Em que pese uma carreira que já passa de de vinte anos, com trabalhos variados no currículo, a imagem do ator Luis Lobianco tem sido mais frequentemente associada ao humor — seja por conta dos esquetes do grupo Porta dos Fundos ou pelos shows cômico-burlescos no Buraco da Lacraia, casa noturna no bairro carioca da Lapa. No ano passado, porém, ele foi irremediavelmente fisgado pela dramática história da transexual brasileira Gisberta Salce Junior, morta em 2006 na cidade do Porto, em Portugal, após ser torturada durante sete dias por catorze menores de idade. A partir deste trágico enredo, Lobianco concebeu o espetáculo “Gisberta”, um comovente monólogo com ele próprio em cena, texto de Rafael Souza-Ribeiro, direção de Renato Carrera e produção de Claudia Marques. Em curta temporada no CCBB Rio até o fim de abril, o espetáculo converteu-se em fenômeno de público, com ingressos evaporando com semanas de antecedência (ingressos AQUI).
Em entrevista ao TEMPO_CONTÍNUO, Lobianco falou sobre o processo de realização do espetáculo, a questão da transfobia no Brasil e a opção por não interpretar Gisberta na montagem — o que não o impediu de ser envolvido em uma polêmica ao ser acusado de usurpar um lugar que deveria ser de uma atriz transexual. “Convidamos algumas pessoas da militância (de movimentos pelos direitos de pessoas transexuais) do Rio para assistir ao espetáculo.
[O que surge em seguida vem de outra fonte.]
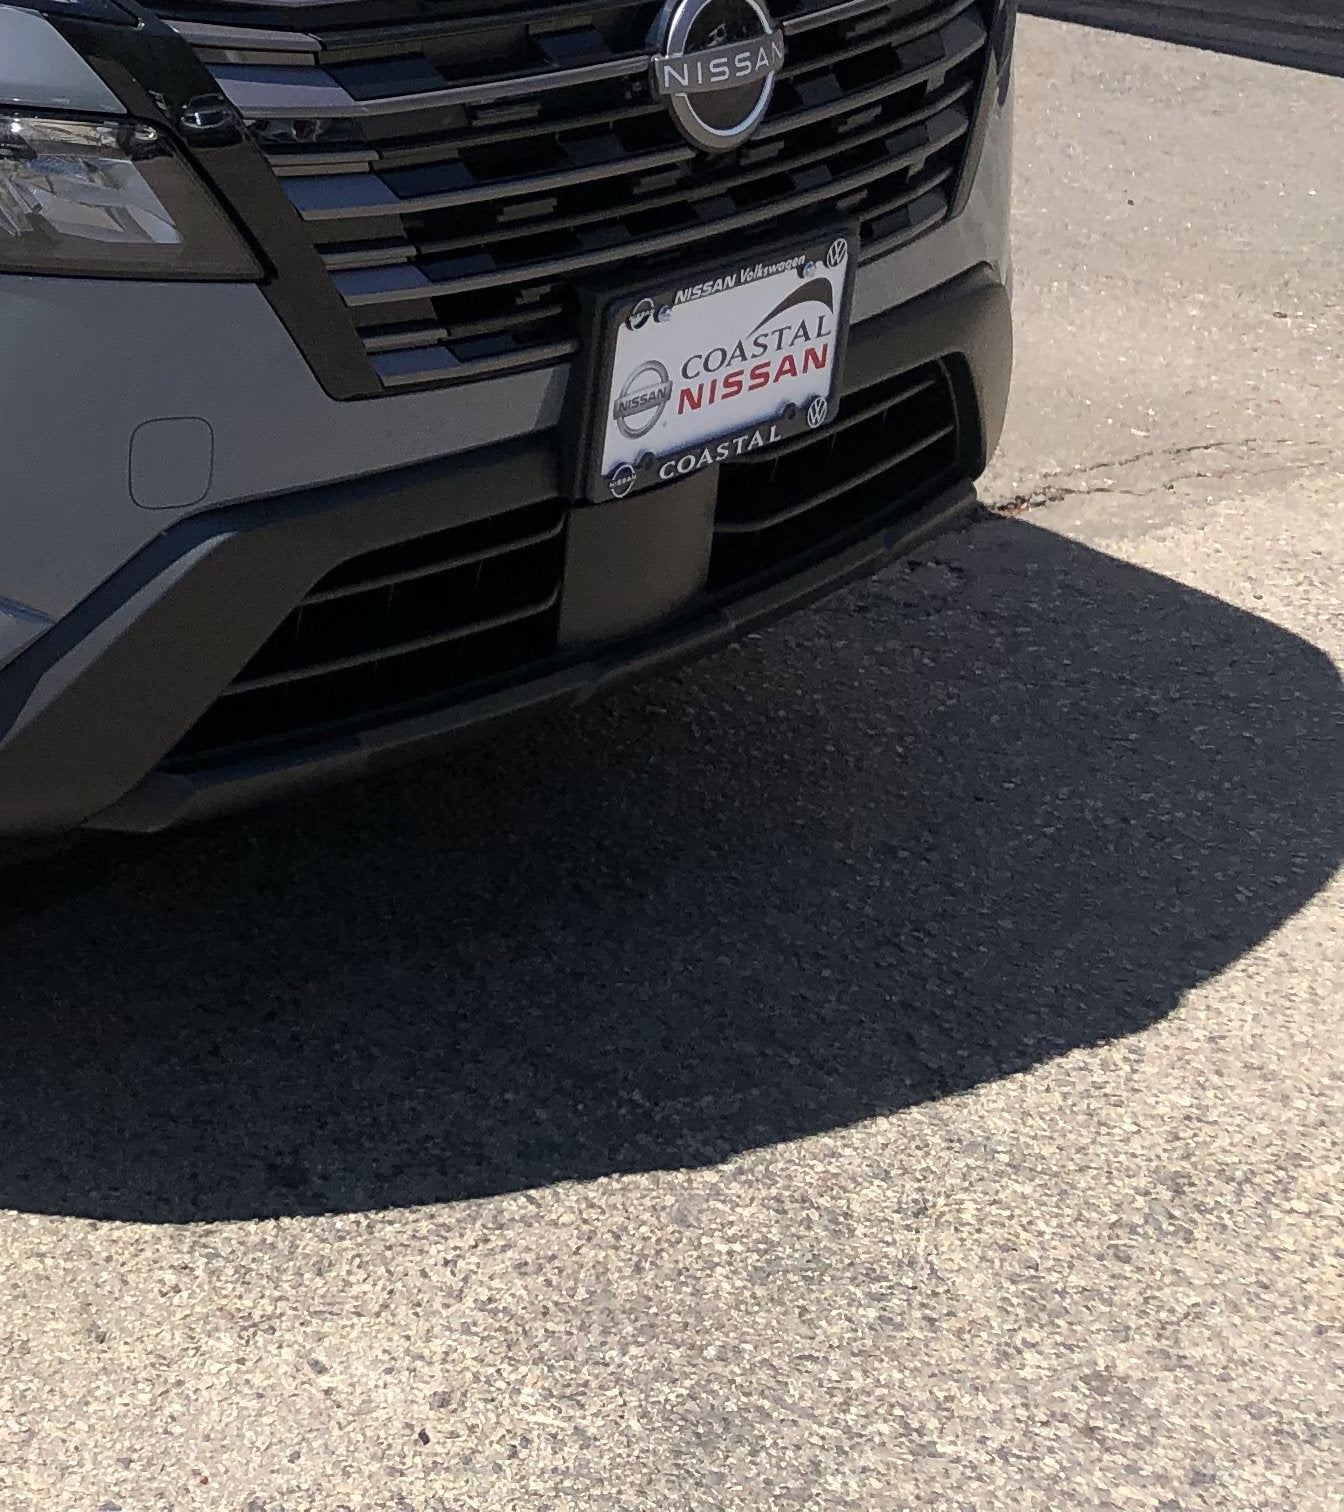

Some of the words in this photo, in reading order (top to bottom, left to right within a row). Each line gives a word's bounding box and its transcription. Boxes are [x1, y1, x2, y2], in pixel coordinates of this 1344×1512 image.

[663, 40, 784, 88] NISSAN
[674, 273, 737, 305] NISSAN
[739, 254, 806, 283] Volkswagen
[681, 314, 832, 381] COASTAL
[618, 385, 667, 412] NISSAN
[677, 343, 829, 416] NISSAN
[658, 424, 782, 481] COASTAL
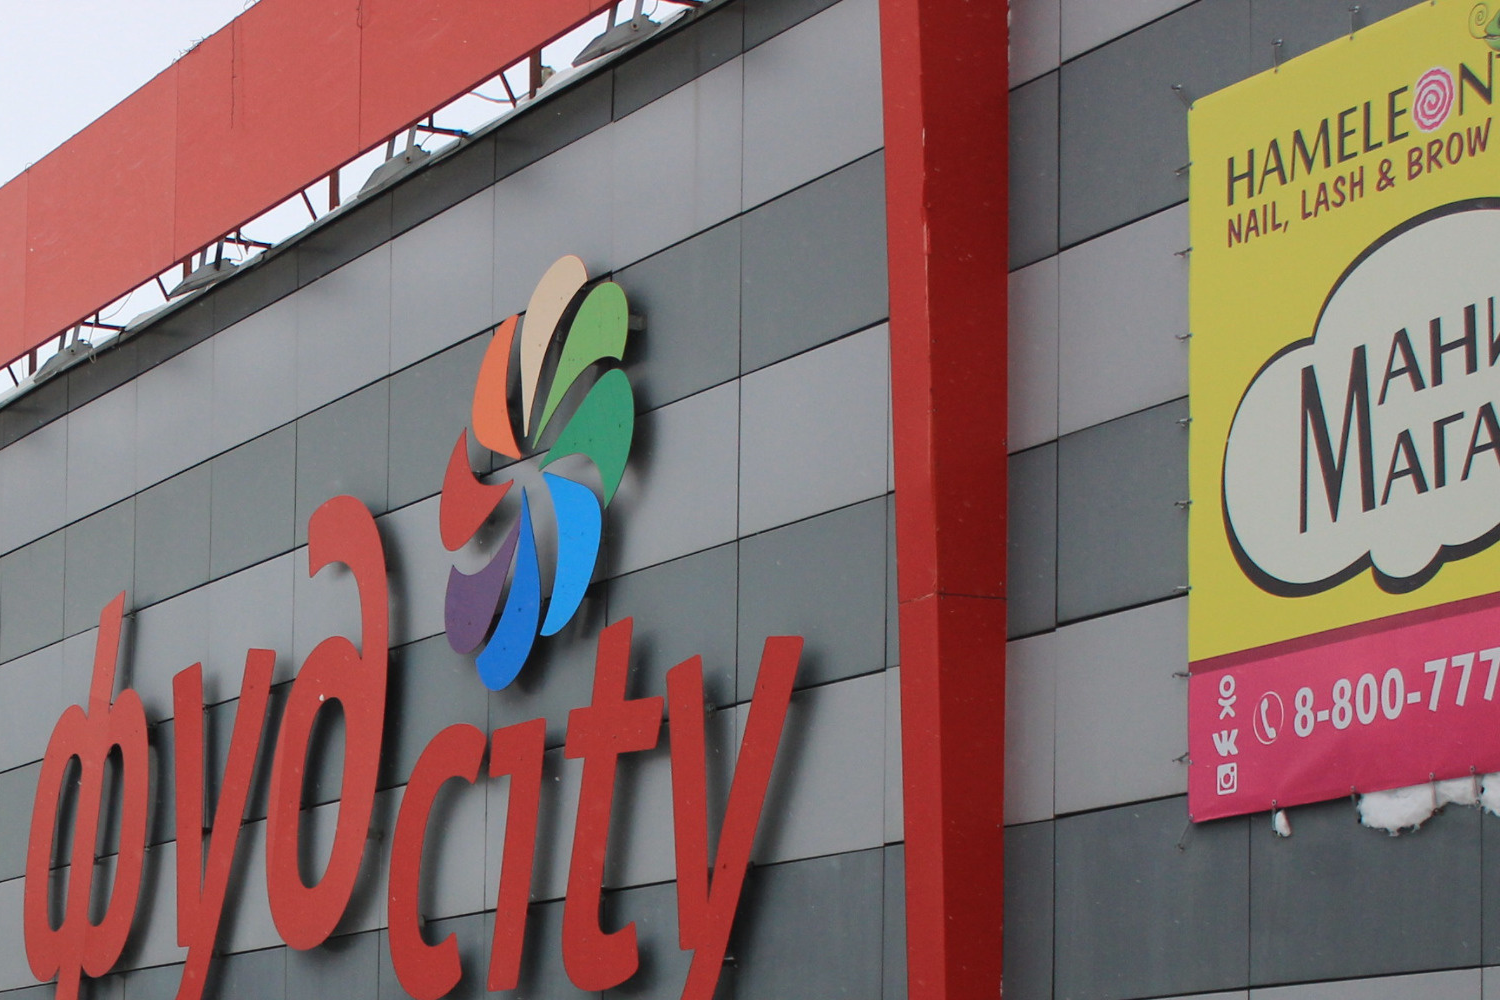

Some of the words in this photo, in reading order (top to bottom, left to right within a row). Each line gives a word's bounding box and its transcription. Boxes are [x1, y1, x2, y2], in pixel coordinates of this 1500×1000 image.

Algumas pessoas já foram e, no fim, nos abraçamos e nos emocionamos juntos”, diz Lobianco.
Como Gisberta apareceu na sua vida?
Conheci Gisberta através da música “Balada de Gisberta”, do Pedro Abrunhosa, na interpretação da Maria Bethânia. Escutava sempre a canção na minha playlist, achava linda, mas foi num período de férias longe do Rio, em fevereiro de 2016, que eu ouvi com mais atenção e tive a curiosidade de saber quem era a mulher cantada ali. Abri o Google e surgiram dezenas de artigos sobre a vida e morte da Gisberta. Coincidentemente, o crime que interrompeu sua trajetória completava dez anos naquele dia. Imediatamente comecei uma pesquisa com objetivo teatral para a história.
Quando você descobriu a história da Gis, já havia esse desejo de se aventurar em um monólogo?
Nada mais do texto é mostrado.